Assignment. All lines from the one with "Some of the words" through the close of the records below are to be set down exactly, and no others.

Stored data entries:
+ + +
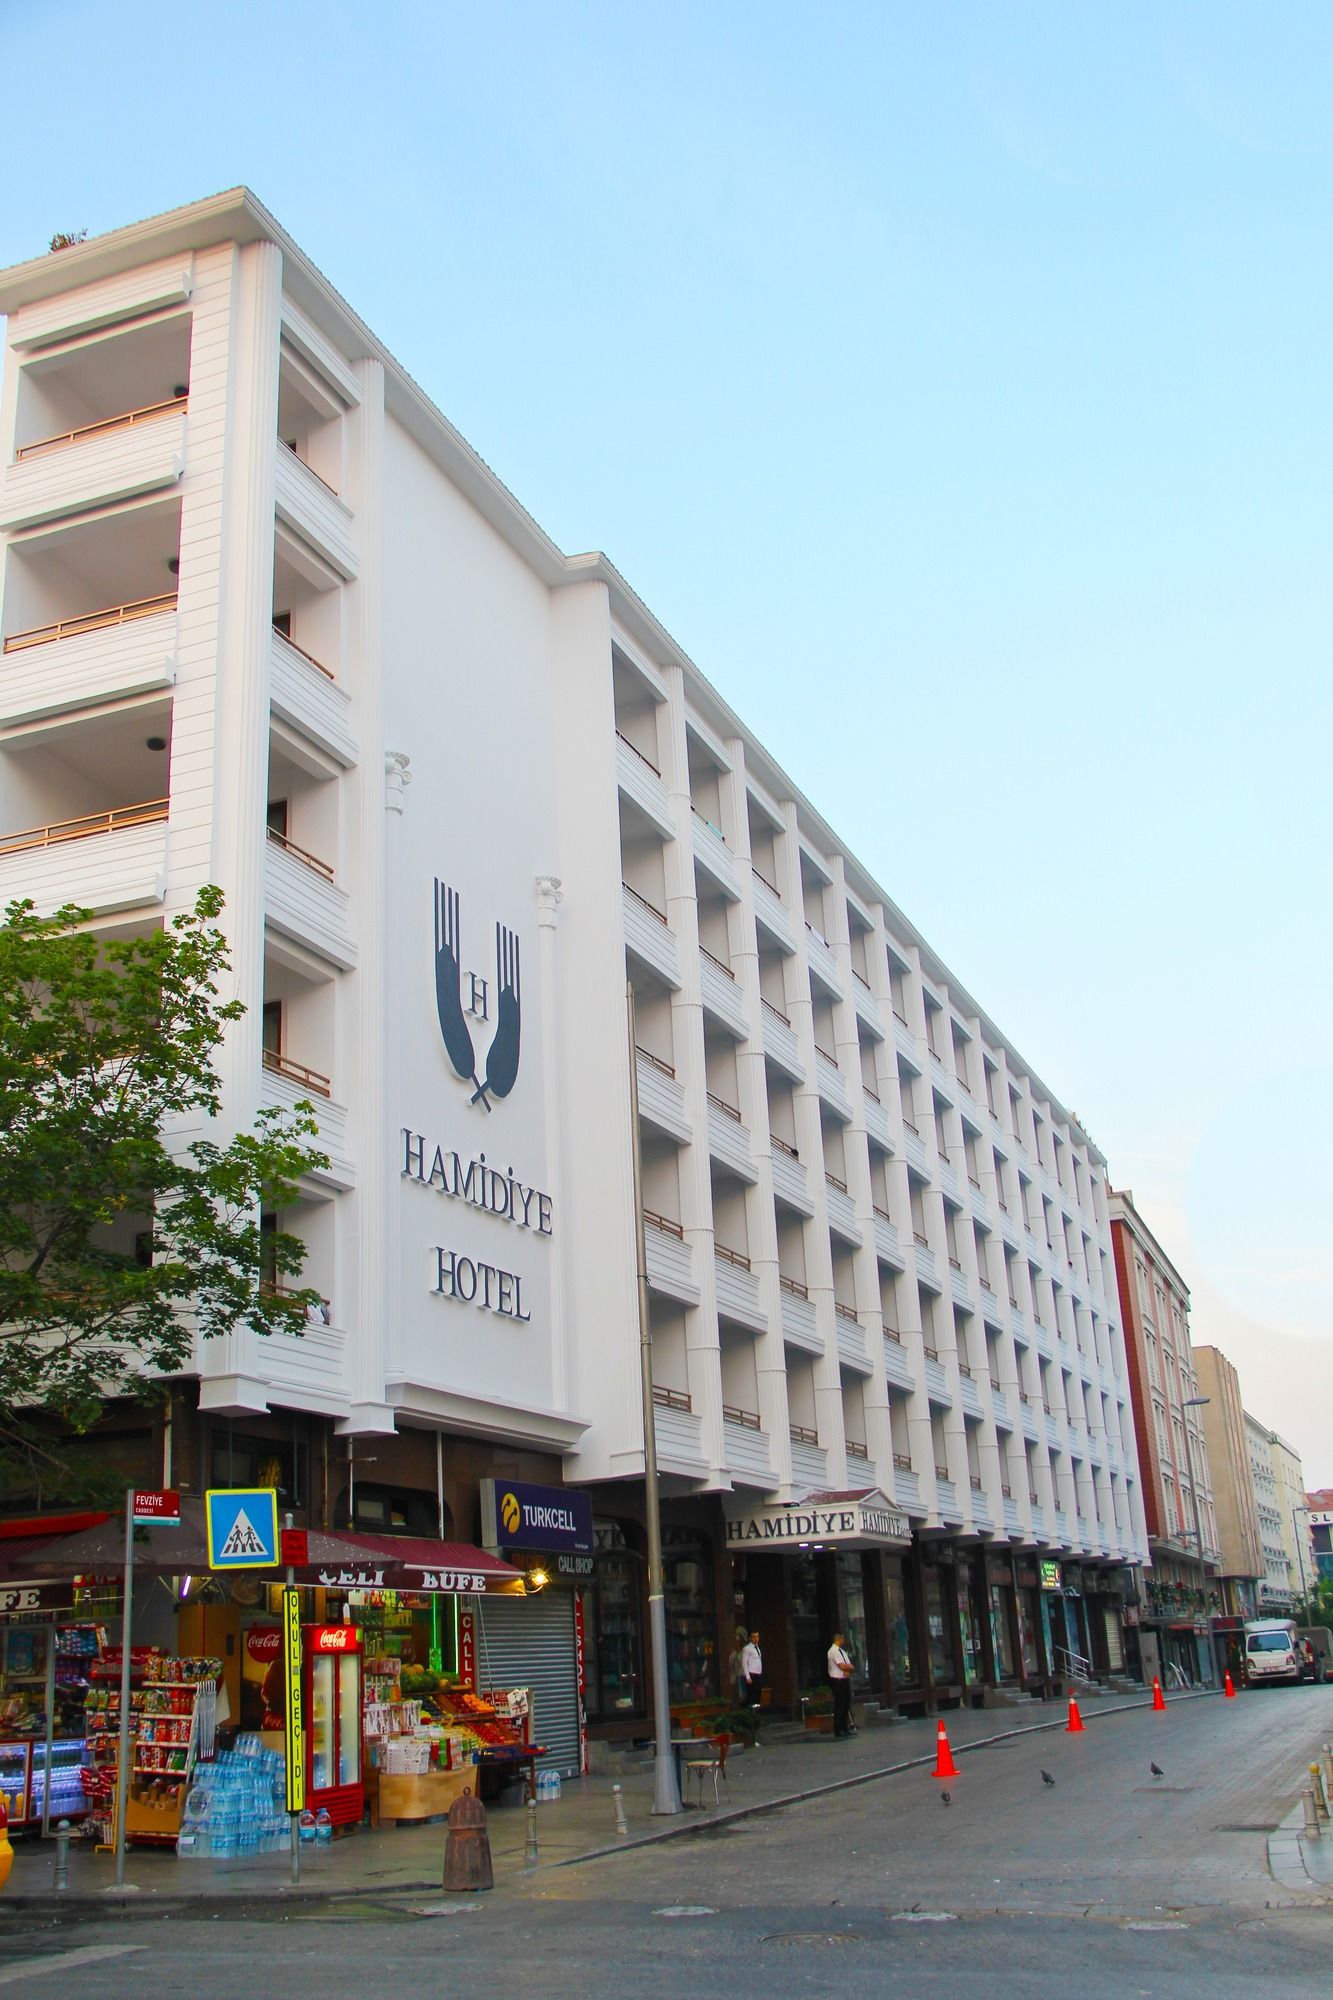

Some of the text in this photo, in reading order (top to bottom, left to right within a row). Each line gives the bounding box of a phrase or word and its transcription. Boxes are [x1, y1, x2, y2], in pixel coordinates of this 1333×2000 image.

[468, 970, 489, 1021] H
[402, 1127, 553, 1236] HAMİDİYE
[435, 1246, 531, 1321] HOTEL
[136, 1494, 163, 1506] FEVZİYE
[523, 1505, 576, 1531] TURKCELL
[727, 1510, 854, 1540] HAMİDİYE
[558, 1555, 575, 1572] CALL
[290, 1595, 298, 1659] OKUL
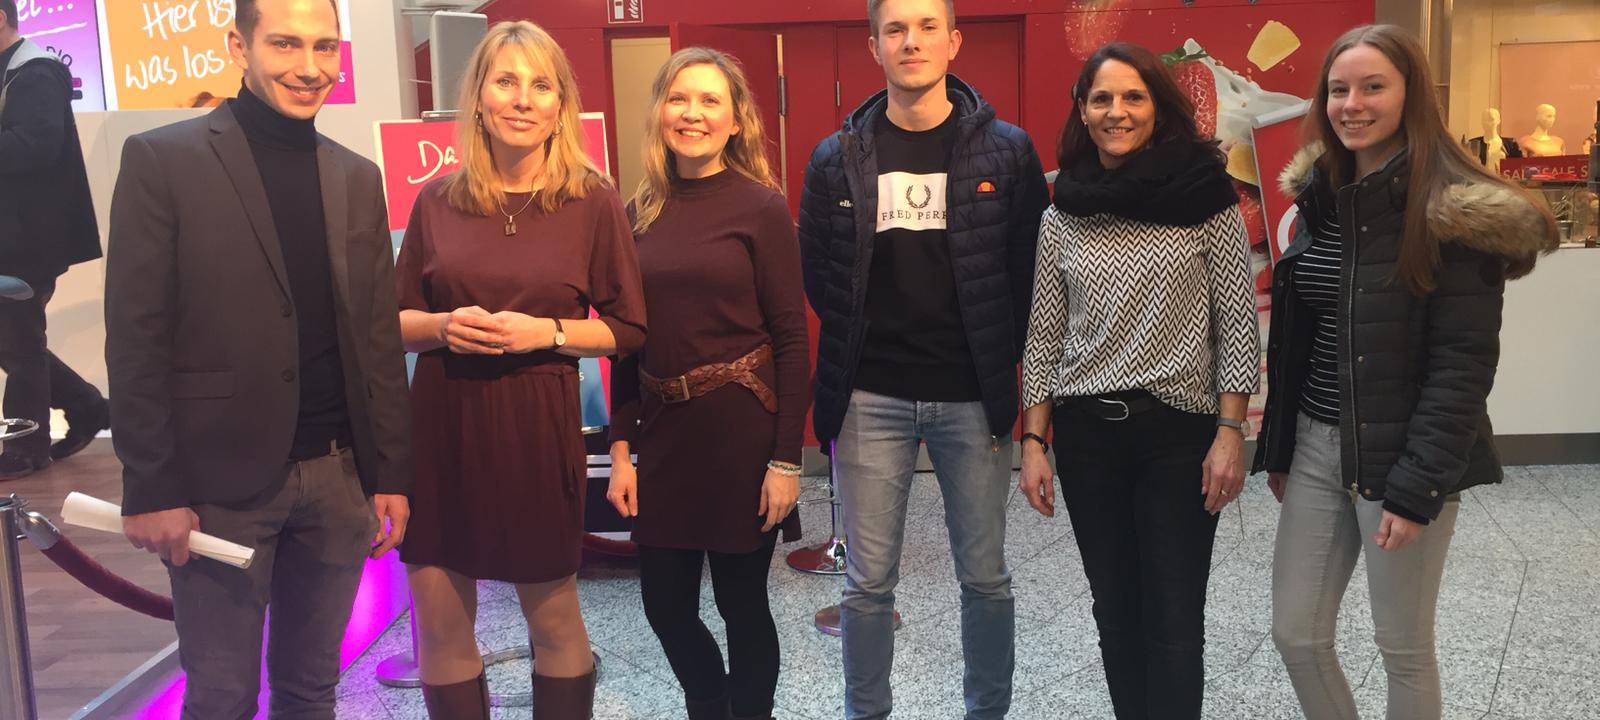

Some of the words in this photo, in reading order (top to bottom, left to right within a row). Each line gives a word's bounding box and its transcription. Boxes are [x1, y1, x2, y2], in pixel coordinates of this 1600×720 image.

[142, 0, 200, 41] Hier
[125, 55, 178, 90] was
[881, 209, 912, 221] FRED
+ + +
Solved exercise.
Some of the words in this photo, in reading order (top to bottom, left to right within a row). Each line gives a word's bounding box and its transcription. Boxes are [x1, y1, x2, y2], in pixel coordinates of this 1600×720 image.

[142, 0, 200, 41] Hier
[125, 55, 178, 90] was
[881, 209, 912, 221] FRED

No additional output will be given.